The data should be written out in full, exactly as it stands, and the pictures dropped.

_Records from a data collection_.
********************

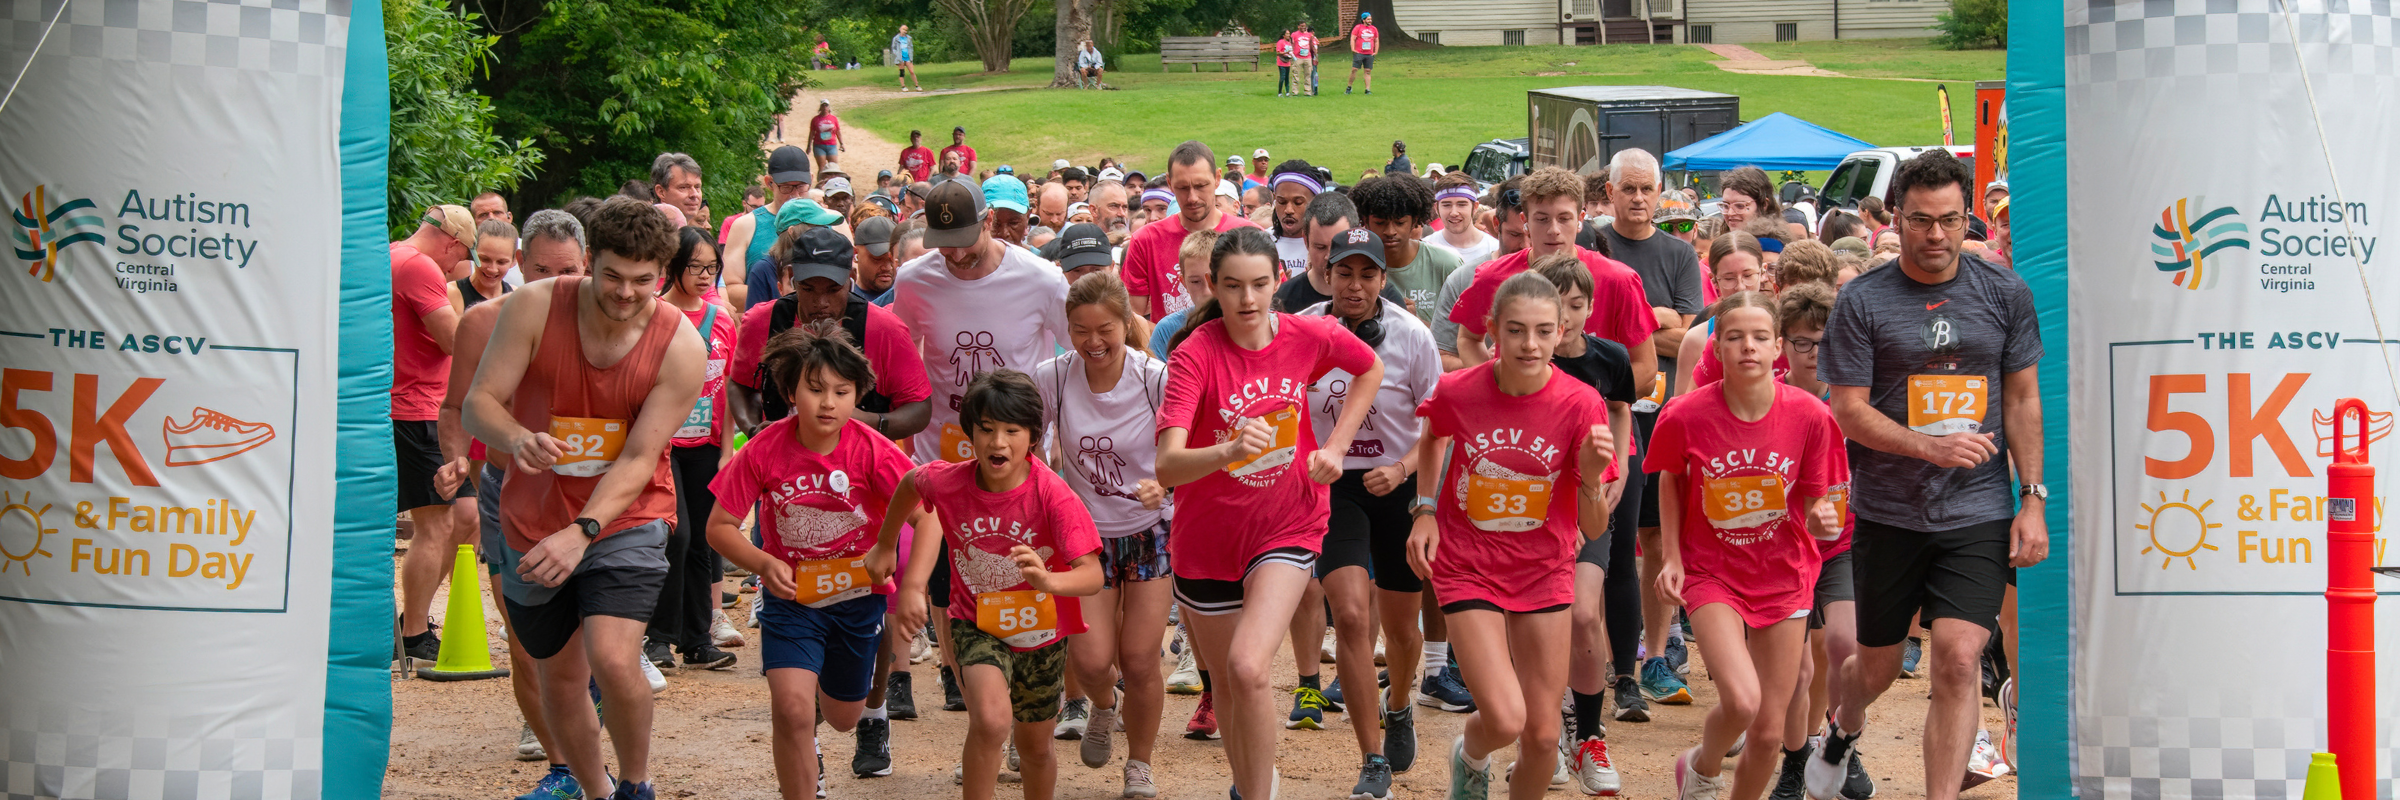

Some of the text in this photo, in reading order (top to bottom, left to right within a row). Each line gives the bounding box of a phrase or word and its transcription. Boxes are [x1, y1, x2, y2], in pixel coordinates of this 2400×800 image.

[117, 188, 250, 228] Autism
[2260, 194, 2368, 225] Autism
[115, 224, 258, 268] Society
[2260, 227, 2376, 264] Society
[115, 261, 174, 276] Central
[2260, 263, 2312, 275] Central
[115, 276, 178, 293] Virginia
[1409, 289, 1427, 301] 5K
[2260, 278, 2315, 293] Virginia
[49, 328, 206, 356] THE ASCV
[1932, 321, 1951, 349] B
[2198, 331, 2340, 350] THE ASCV
[1218, 377, 1305, 424] ASCV 5K
[1922, 391, 1975, 415] 172
[0, 367, 167, 488] 5K
[686, 408, 711, 424] 51
[2144, 372, 2315, 480] 5K
[566, 433, 604, 457] 82
[1356, 444, 1379, 454] Trot
[1464, 428, 1560, 463] ASCV 5K
[1701, 448, 1794, 477] ASCV 5K
[770, 473, 825, 505] ASCV
[1238, 475, 1271, 488] FAMILY
[1487, 493, 1527, 514] 33
[1724, 489, 1765, 512] 38
[2269, 488, 2386, 532] Fay
[1008, 520, 1038, 544] 5K
[1724, 536, 1756, 546] FAMILY
[1758, 530, 1774, 542] FUN
[2238, 530, 2312, 564] Fun
[70, 537, 254, 590] Fun Day
[816, 571, 852, 595] 59
[998, 606, 1039, 631] 58

********************

_Task result_.
Some of the text in this photo, in reading order (top to bottom, left to right within a row). Each line gives the bounding box of a phrase or word and its transcription. Boxes are [x1, y1, x2, y2], in pixel coordinates of this 2400×800 image.

[117, 188, 250, 228] Autism
[2260, 194, 2368, 225] Autism
[115, 224, 258, 268] Society
[2260, 227, 2376, 264] Society
[115, 261, 174, 276] Central
[2260, 263, 2312, 275] Central
[115, 276, 178, 293] Virginia
[1409, 289, 1427, 301] 5K
[2260, 278, 2315, 293] Virginia
[49, 328, 206, 356] THE ASCV
[1932, 321, 1951, 349] B
[2198, 331, 2340, 350] THE ASCV
[1218, 377, 1305, 424] ASCV 5K
[1922, 391, 1975, 415] 172
[0, 367, 167, 488] 5K
[686, 408, 711, 424] 51
[2144, 372, 2315, 480] 5K
[566, 433, 604, 457] 82
[1356, 444, 1379, 454] Trot
[1464, 428, 1560, 463] ASCV 5K
[1701, 448, 1794, 477] ASCV 5K
[770, 473, 825, 505] ASCV
[1238, 475, 1271, 488] FAMILY
[1487, 493, 1527, 514] 33
[1724, 489, 1765, 512] 38
[2269, 488, 2386, 532] Fay
[1008, 520, 1038, 544] 5K
[1724, 536, 1756, 546] FAMILY
[1758, 530, 1774, 542] FUN
[2238, 530, 2312, 564] Fun
[70, 537, 254, 590] Fun Day
[816, 571, 852, 595] 59
[998, 606, 1039, 631] 58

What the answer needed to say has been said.